Grafton Mayor Megan Flanigan gives a brief statement at the council meeting on Tuesday evening, just days after she was charged with drunken driving. KRISTIN BAUER/CHRONICLE

Grafton Mayor Megan Flanigan gives a brief statement at the Council meeting days after she was charged with drunken driving. CHRONICLE FILE PHOTO

ELYRIA — Lawyers for Grafton Mayor Megan Flanigan have asked the judge presiding over her case to throw out most of the evidence gathered against her when she was arrested for DUI on Sept. 28.

In court documents filed in Elyria Municipal Court earlier this month, defense attorney Jack Bradley wrote the field sobriety tests Flanigan performed for Lorain County sheriff’s Deputy Adam Trifiletti weren’t administered properly.

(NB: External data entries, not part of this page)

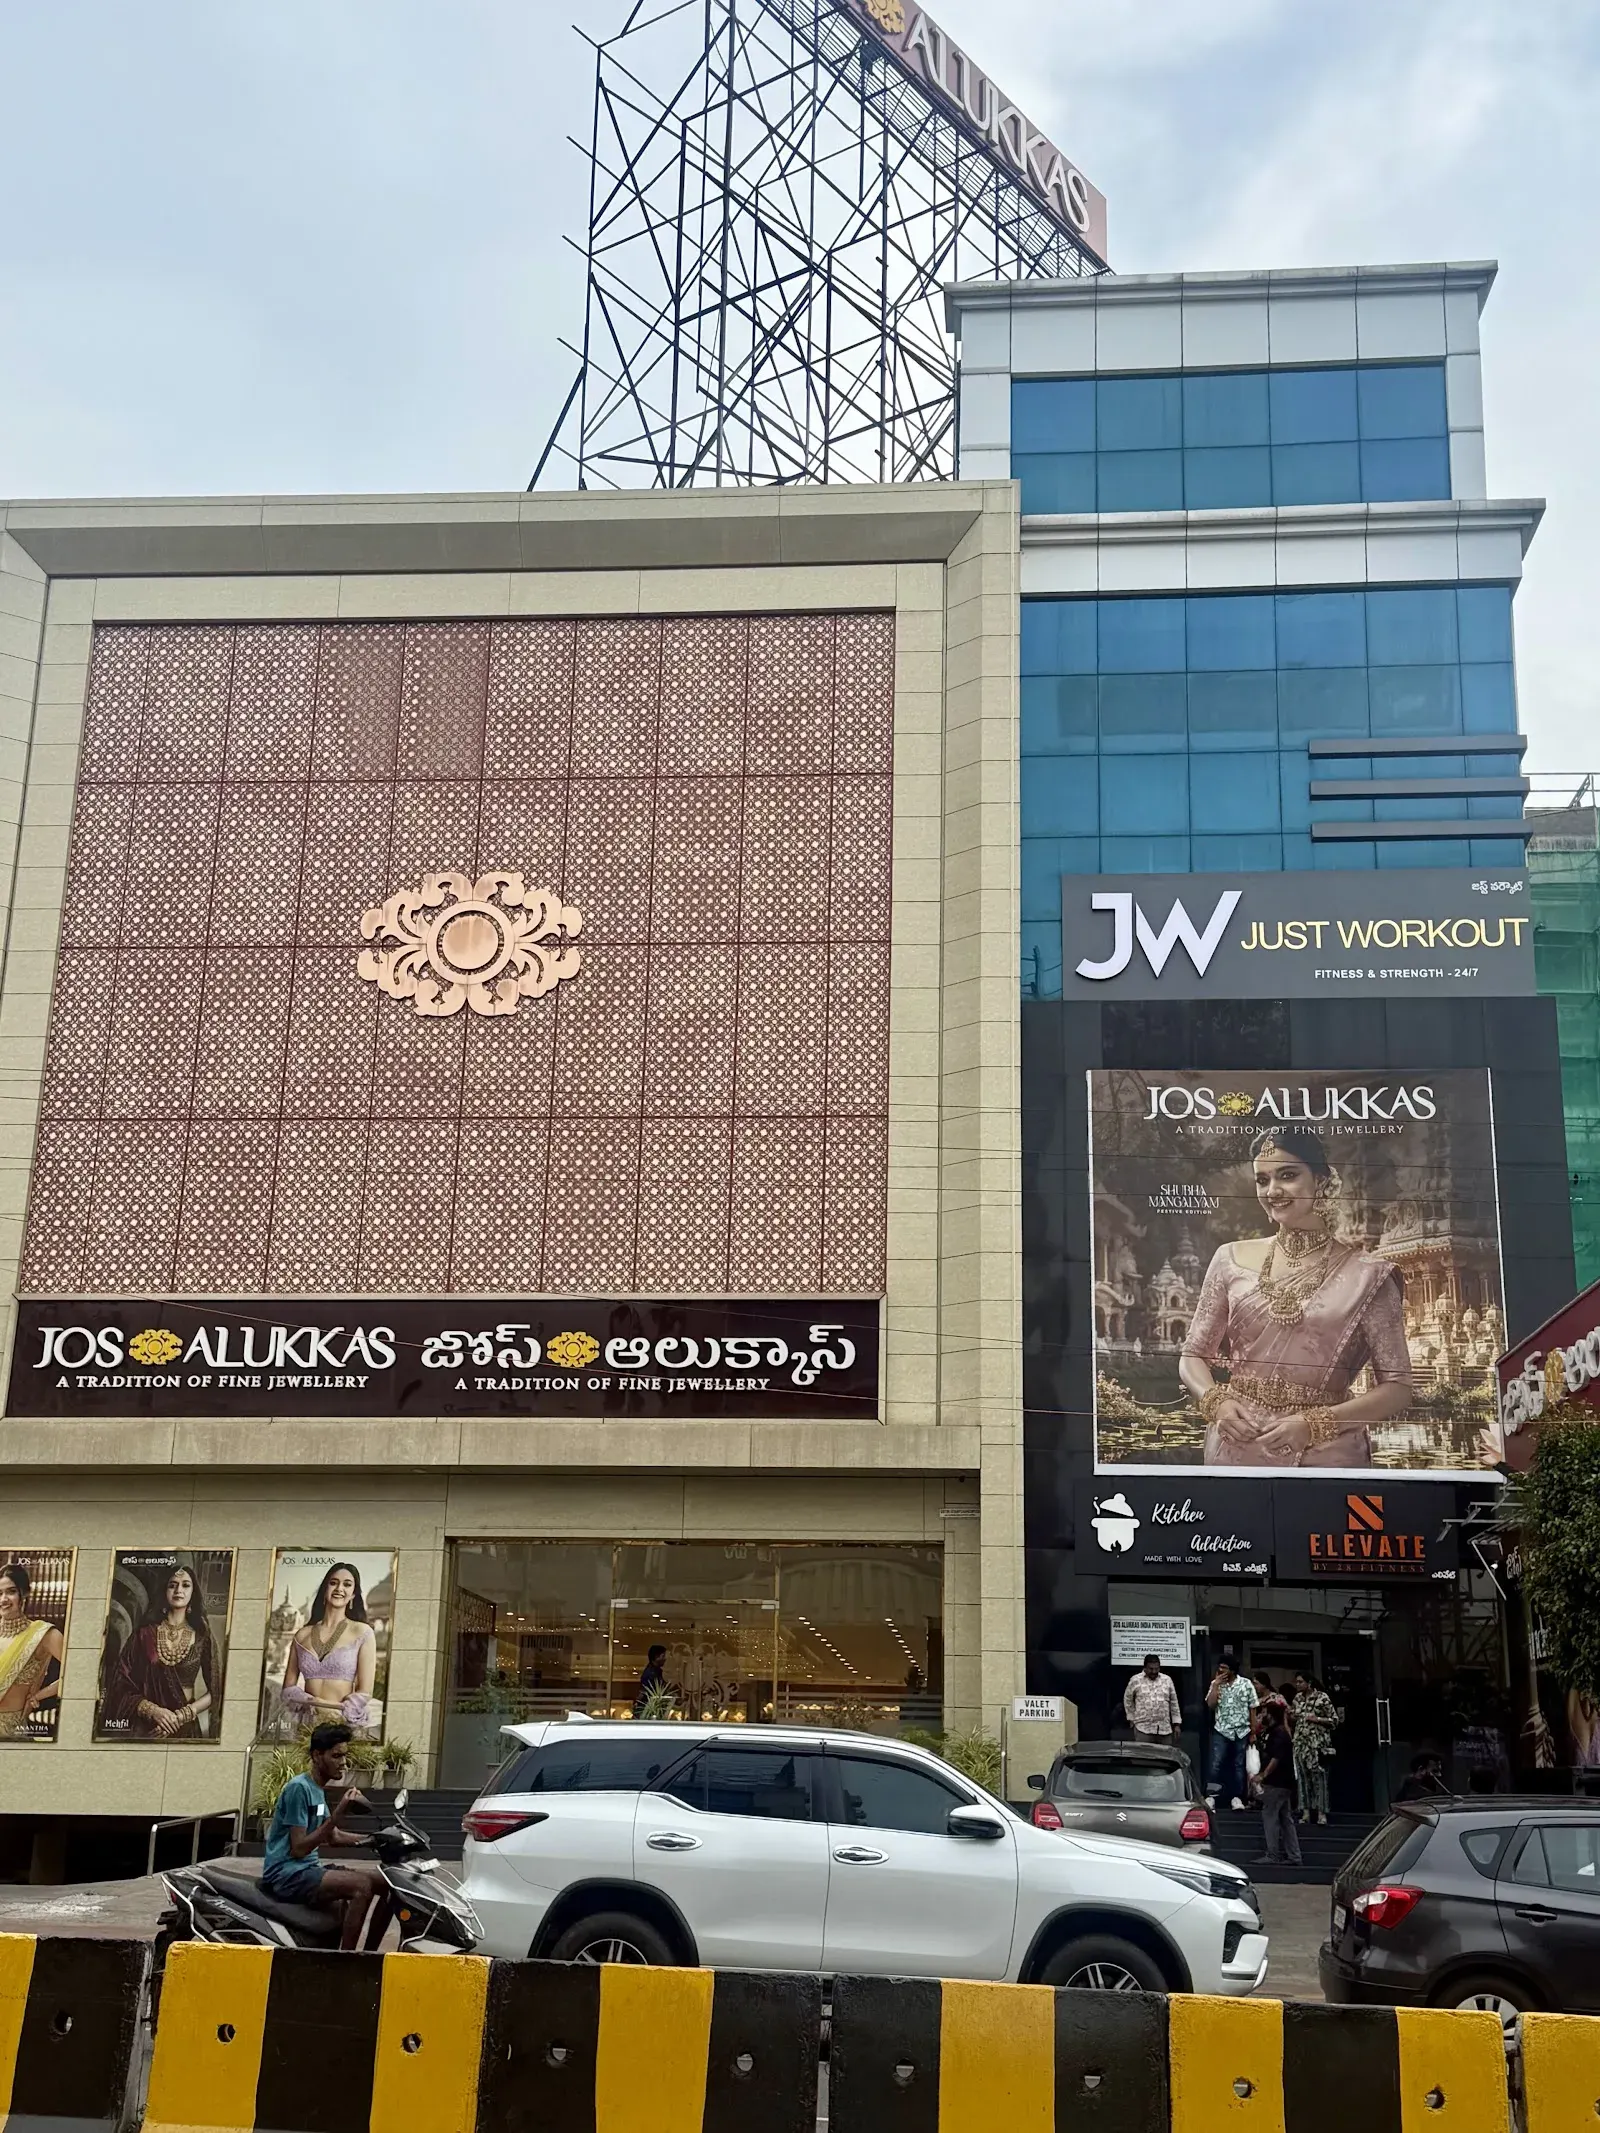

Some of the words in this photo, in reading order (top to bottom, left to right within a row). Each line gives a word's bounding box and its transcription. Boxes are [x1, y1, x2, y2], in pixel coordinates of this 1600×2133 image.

[902, 12, 1090, 233] ALUKKAS
[1075, 889, 1243, 980] JW
[1240, 920, 1330, 951] JUST
[1336, 918, 1530, 949] WORKOUT
[1314, 968, 1365, 979] FITNESS
[1366, 968, 1377, 978] &
[1379, 968, 1444, 979] STRENGTH
[1454, 967, 1480, 979] 24/7
[1143, 1086, 1216, 1120] JOS
[1254, 1085, 1438, 1121] ALUKKAS
[1175, 1124, 1184, 1135] A
[1189, 1125, 1265, 1135] TRADITION
[1270, 1125, 1288, 1135] OF
[1294, 1126, 1325, 1136] FINE
[1330, 1125, 1405, 1136] JEWELLERY
[1160, 1183, 1207, 1196] SHUBHA
[1148, 1195, 1220, 1209] MANGALYAM
[33, 1326, 125, 1370] JOS
[182, 1325, 397, 1370] ALUKKAS
[421, 1323, 542, 1369] జోస్
[56, 1375, 69, 1388] A
[76, 1375, 183, 1388] TRADITION
[188, 1375, 213, 1388] OF
[218, 1375, 262, 1388] FINE
[267, 1375, 369, 1390] JEWELLERY
[455, 1377, 468, 1390] A
[474, 1377, 580, 1390] TRADITION
[587, 1377, 611, 1390] OF
[618, 1377, 662, 1391] FINE
[667, 1377, 771, 1393] JEWELLERY
[1151, 1498, 1206, 1524] Kitchen
[1190, 1534, 1253, 1552] Addiction
[1310, 1533, 1426, 1559] ELEVATE
[281, 1557, 296, 1565] JOS
[302, 1556, 336, 1565] ALUKKAS
[1360, 1564, 1426, 1573] FITNESS
[1024, 1700, 1050, 1708] VALET
[1019, 1709, 1055, 1717] PARKING
[105, 1719, 129, 1729] Mehfil

Trifiletti was one of the deputies called into investigate after Grafton police Officer Anthony Camera came across Flanigan’s damaged Chevrolet SUV near the intersection of Fox Run and Hunting Hollow around 3 a.m.

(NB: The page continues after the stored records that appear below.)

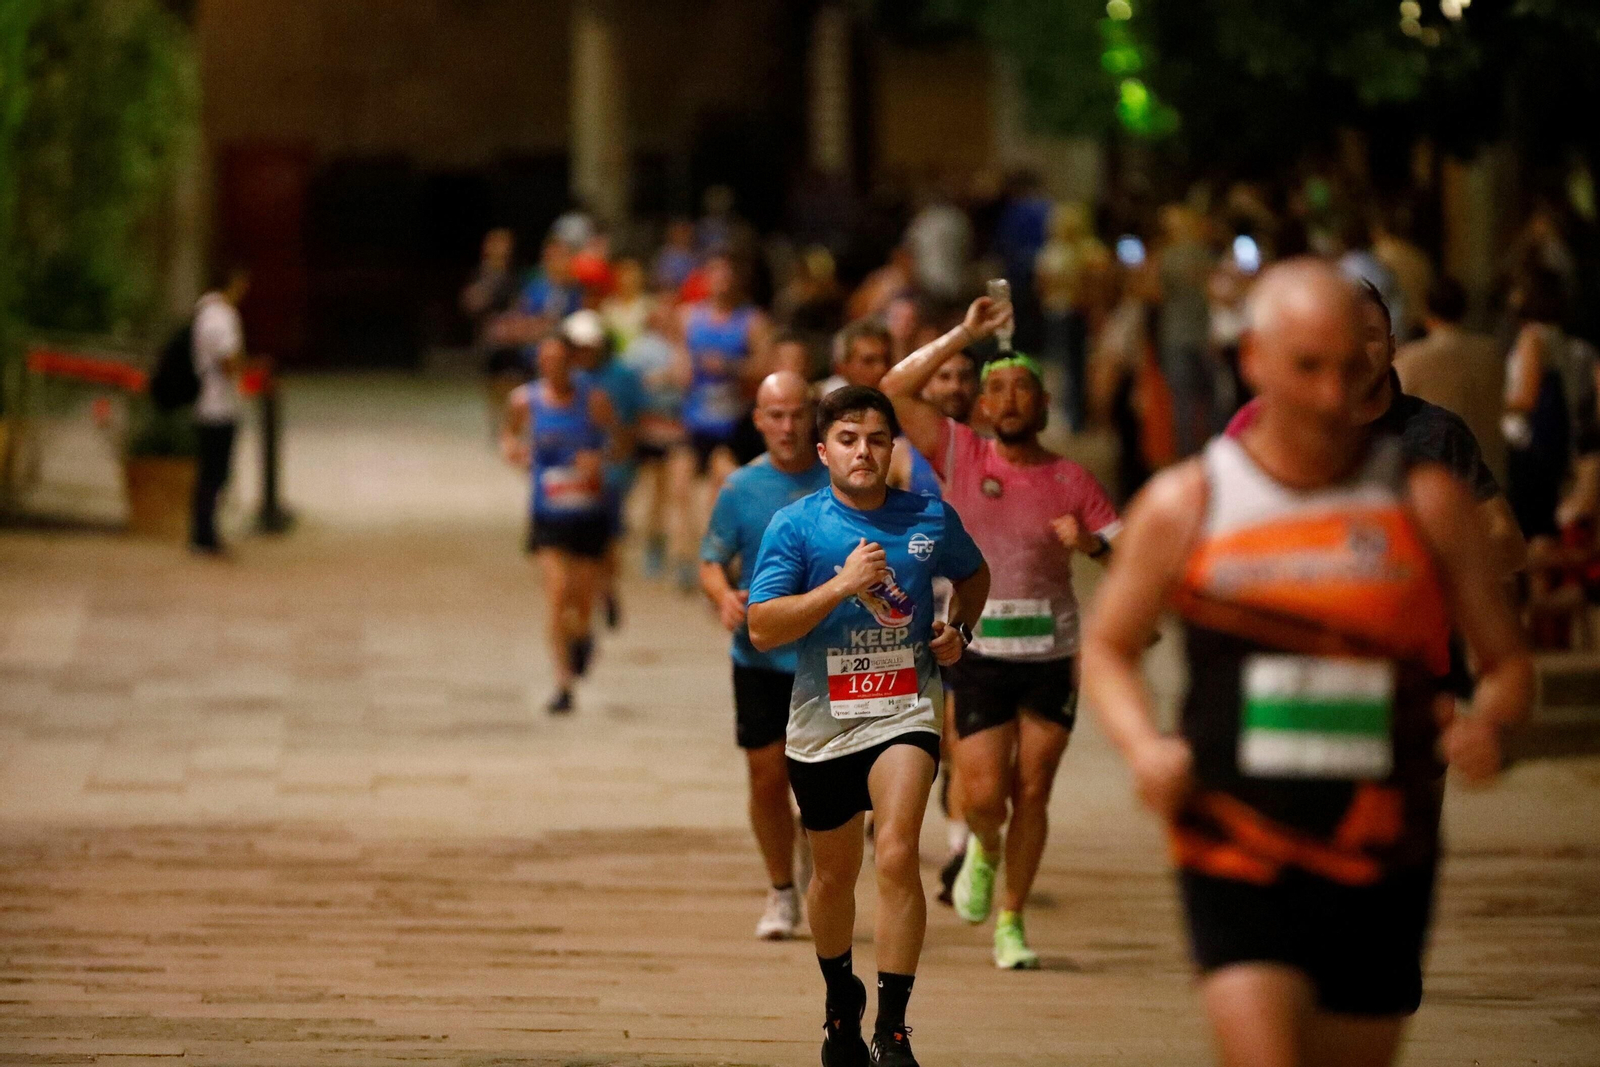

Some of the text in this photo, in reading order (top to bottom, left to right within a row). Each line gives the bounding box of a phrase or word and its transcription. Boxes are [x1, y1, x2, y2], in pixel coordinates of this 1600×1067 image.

[851, 627, 908, 647] KEEP
[853, 658, 870, 671] 20
[848, 671, 898, 693] 1677
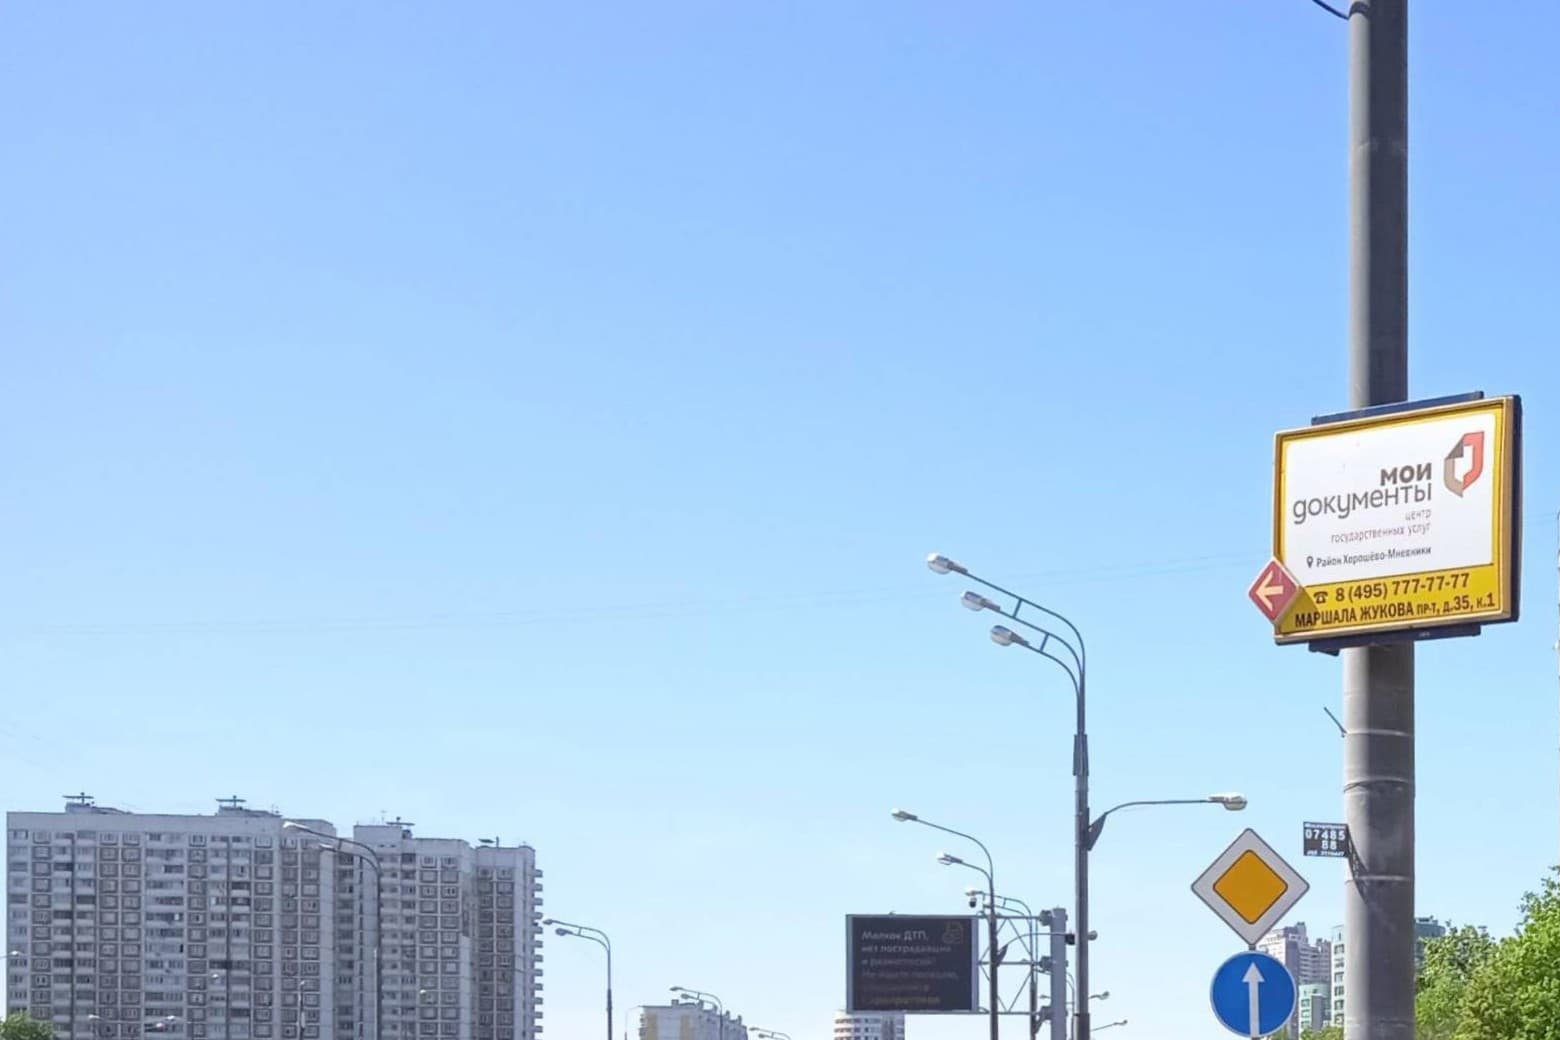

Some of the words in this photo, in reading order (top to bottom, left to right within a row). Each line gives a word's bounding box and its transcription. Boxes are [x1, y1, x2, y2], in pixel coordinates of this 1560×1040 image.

[1293, 483, 1432, 525] документы
[1405, 509, 1432, 521] центр
[1331, 526, 1404, 544] государственных
[1408, 523, 1431, 537] услуг
[1316, 556, 1342, 568] Район
[1335, 586, 1344, 601] 8
[1348, 580, 1388, 603] (495)
[1392, 573, 1470, 596] 777-77-77
[1295, 605, 1357, 628] МАРШАЛА
[1360, 601, 1414, 621] ЖУКОВА

Flanigan has pleaded not guilty to DUI, failure to stop after an accident and failure to control charges as well as a misdemeanor drug possession charge for a single pill that was found in the back of the patrol car after she was taken into custody. Testing determined the pill was a combination of buprenorphine and naloxone, that together mimic the effects of opiates to prevent withdrawal symptoms.

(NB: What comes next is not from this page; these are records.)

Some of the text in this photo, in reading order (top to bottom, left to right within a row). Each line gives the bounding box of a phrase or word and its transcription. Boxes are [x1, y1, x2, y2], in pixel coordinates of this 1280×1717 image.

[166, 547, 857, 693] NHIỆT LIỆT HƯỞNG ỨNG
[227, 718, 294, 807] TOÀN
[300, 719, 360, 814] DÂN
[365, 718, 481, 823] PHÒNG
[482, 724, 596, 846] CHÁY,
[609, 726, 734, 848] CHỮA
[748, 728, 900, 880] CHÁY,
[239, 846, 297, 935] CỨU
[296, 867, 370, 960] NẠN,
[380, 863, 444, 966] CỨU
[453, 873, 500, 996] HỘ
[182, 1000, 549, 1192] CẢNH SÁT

A video of Flanigan’s interaction with law enforcement shows Trifiletti first having Flanigan follow an object with her eyes, a test he wrote in his report that she failed.

Bradley wrote that Trifiletti moved through the test too fast and didn’t test Flanigan’s right eye twice as required. He also wrote that the gaze test should take approximately 82 seconds and Trifiletti completed the procedure in about 44 seconds.

He also wrote that prosecutors shouldn’t be able to use the evidence of Flanigan during a one-leg stand test, during which she nearly fell twice, and a walk-and-turn test in which she stumbles twice on the video.

Flanigan had told Trifiletti that she had a sprained ankle and Bradley said because of her physical problems the two tests weren’t “reliable indicators as to whether Ms. Flanigan was under the influence of alcohol based on her physical condition.”

Without proper tests, Bradley argued, there was no reason for Flanigan to be arrested and taken for a breath test, which she refused.

North Ridgeville Prosecutor Toni Morgan, who is handling the case because Grafton Prosecutor Matt Mishak removed himself from the case due to a conflict of interest, wrote in a response filed Thursday that the tests taken by Flanigan were valid and officers had good reason to arrest the mayor.

“The video, viewed by the Defendant, indicates that the officer found the license plate and parts of the vehicle in a field in which the Defendant either denies driving in and/or has no knowledge of how the parts got there,” Morgan wrote. “She had a strong odor of alcoholic beverage about her person and heavy slurred speech. She denied drinking as well. Furthermore her performance on all field sobriety tests indicates an impaired ability to drive.”

Morgan also wrote the impact of a sprained ankle on Flanigan’s ability to take field sobriety tests was something a judge or jury would decide at trial, although she acknowledged Bradley had raised sufficient reason to hold a hearing on the results of the gaze test.

Bradley also argued that statements Flanigan made to police that were recorded on the video and her refusal to take a breath test shouldn’t be used against her.